(Phrase grounding data)
● ● ● ●
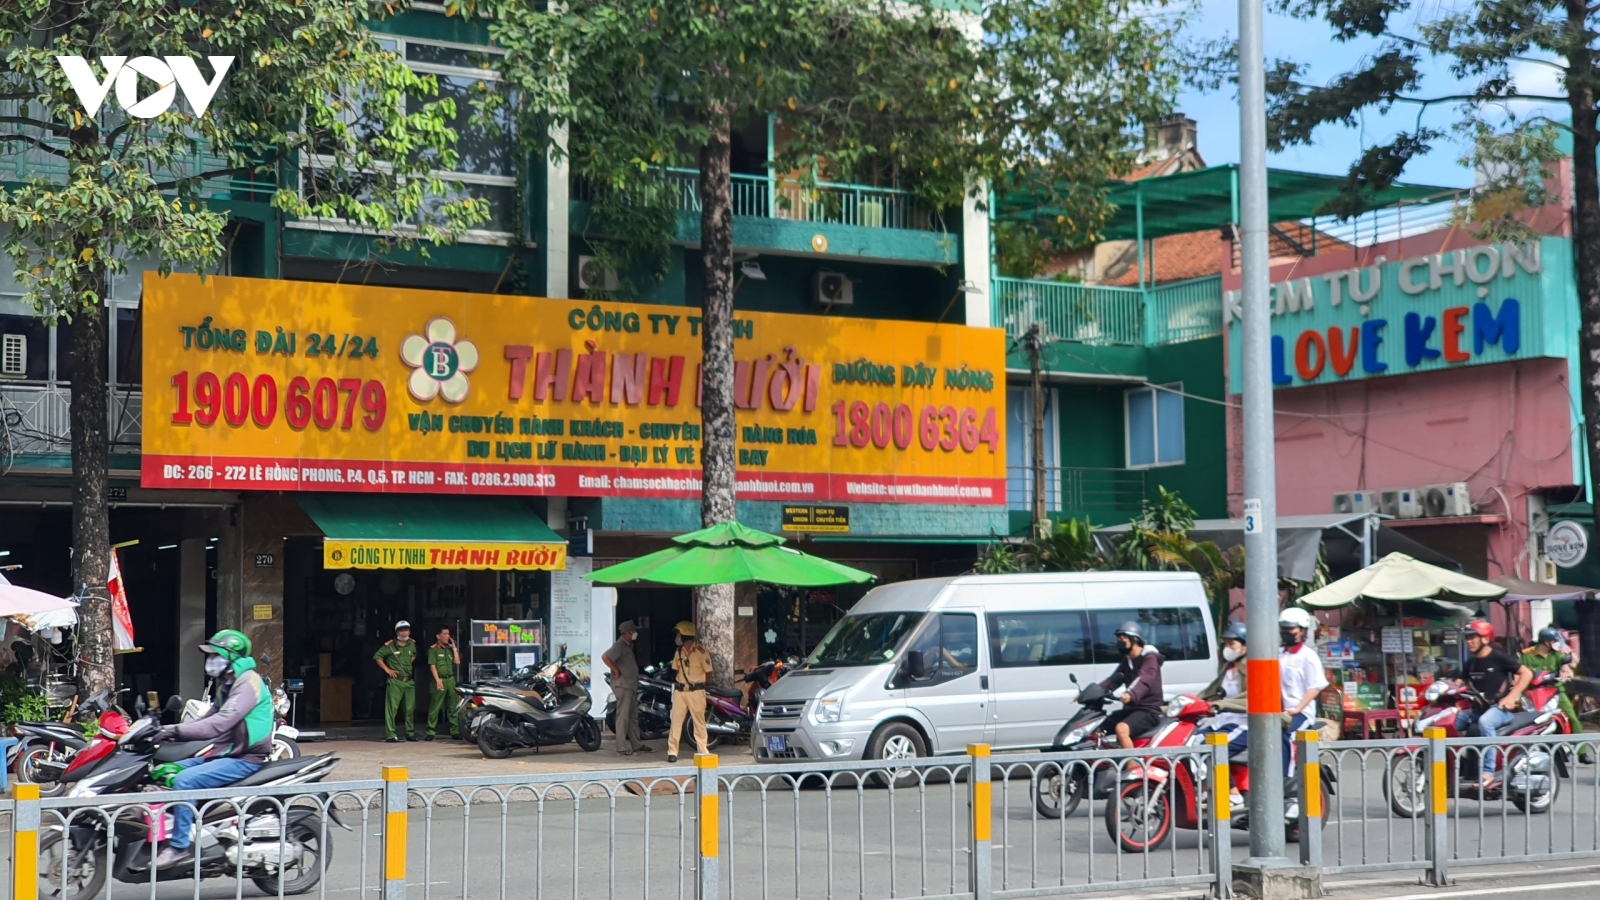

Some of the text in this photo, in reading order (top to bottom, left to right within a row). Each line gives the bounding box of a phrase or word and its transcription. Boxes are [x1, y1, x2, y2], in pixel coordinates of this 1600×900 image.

[1223, 240, 1540, 323] KM TỰ CHỌN
[180, 316, 379, 357] TỔNG ĐÀI 24/24
[568, 305, 753, 340] CÔNG TY TH
[1271, 298, 1520, 384] LOVE KEM
[504, 340, 820, 411] THÀNH ƯỞI
[833, 358, 994, 390] ĐƯỜNG DÂY NÓNG
[171, 371, 388, 431] 1900 6079
[408, 410, 443, 435] VẬN
[520, 415, 564, 435] HÀNH
[570, 417, 624, 438] KHÁCH
[743, 423, 783, 443] HÀNG
[787, 425, 817, 444] HÓA
[833, 400, 998, 452] 1800 6364
[467, 440, 490, 458] DU
[496, 441, 532, 462] LỊCH
[562, 440, 606, 461] HÀNH
[620, 445, 647, 466] ĐẠI
[653, 443, 669, 463] LÝ
[675, 444, 695, 464] VÉ
[739, 448, 769, 465] BAY
[163, 465, 185, 479] ĐC:
[188, 465, 213, 480] 266
[224, 466, 246, 480] 272
[250, 464, 262, 481] LÊ
[265, 462, 298, 481] HỒNG
[302, 468, 345, 483] PHONG,
[391, 471, 405, 484] TP.
[409, 471, 434, 485] HCM
[445, 471, 468, 485] FAX:
[472, 472, 556, 488] 0286.2.908.313
[579, 475, 611, 489] Email:
[846, 482, 993, 498] Website: www.thanhbuoi.com.vn
[1246, 515, 1254, 531] 3
[256, 555, 273, 564] 270
[351, 545, 557, 565] CÔNG TY TNHH THÀNH BƯỞI
● ● ● ●
TO DO | Retype each entry above character for character; pictures stay out.

OUTPUT OF THE EXERCISE |
Some of the text in this photo, in reading order (top to bottom, left to right within a row). Each line gives the bounding box of a phrase or word and its transcription. Boxes are [x1, y1, x2, y2], in pixel coordinates of this 1600×900 image.

[1223, 240, 1540, 323] KM TỰ CHỌN
[180, 316, 379, 357] TỔNG ĐÀI 24/24
[568, 305, 753, 340] CÔNG TY TH
[1271, 298, 1520, 384] LOVE KEM
[504, 340, 820, 411] THÀNH ƯỞI
[833, 358, 994, 390] ĐƯỜNG DÂY NÓNG
[171, 371, 388, 431] 1900 6079
[408, 410, 443, 435] VẬN
[520, 415, 564, 435] HÀNH
[570, 417, 624, 438] KHÁCH
[743, 423, 783, 443] HÀNG
[787, 425, 817, 444] HÓA
[833, 400, 998, 452] 1800 6364
[467, 440, 490, 458] DU
[496, 441, 532, 462] LỊCH
[562, 440, 606, 461] HÀNH
[620, 445, 647, 466] ĐẠI
[653, 443, 669, 463] LÝ
[675, 444, 695, 464] VÉ
[739, 448, 769, 465] BAY
[163, 465, 185, 479] ĐC:
[188, 465, 213, 480] 266
[224, 466, 246, 480] 272
[250, 464, 262, 481] LÊ
[265, 462, 298, 481] HỒNG
[302, 468, 345, 483] PHONG,
[391, 471, 405, 484] TP.
[409, 471, 434, 485] HCM
[445, 471, 468, 485] FAX:
[472, 472, 556, 488] 0286.2.908.313
[579, 475, 611, 489] Email:
[846, 482, 993, 498] Website: www.thanhbuoi.com.vn
[1246, 515, 1254, 531] 3
[256, 555, 273, 564] 270
[351, 545, 557, 565] CÔNG TY TNHH THÀNH BƯỞI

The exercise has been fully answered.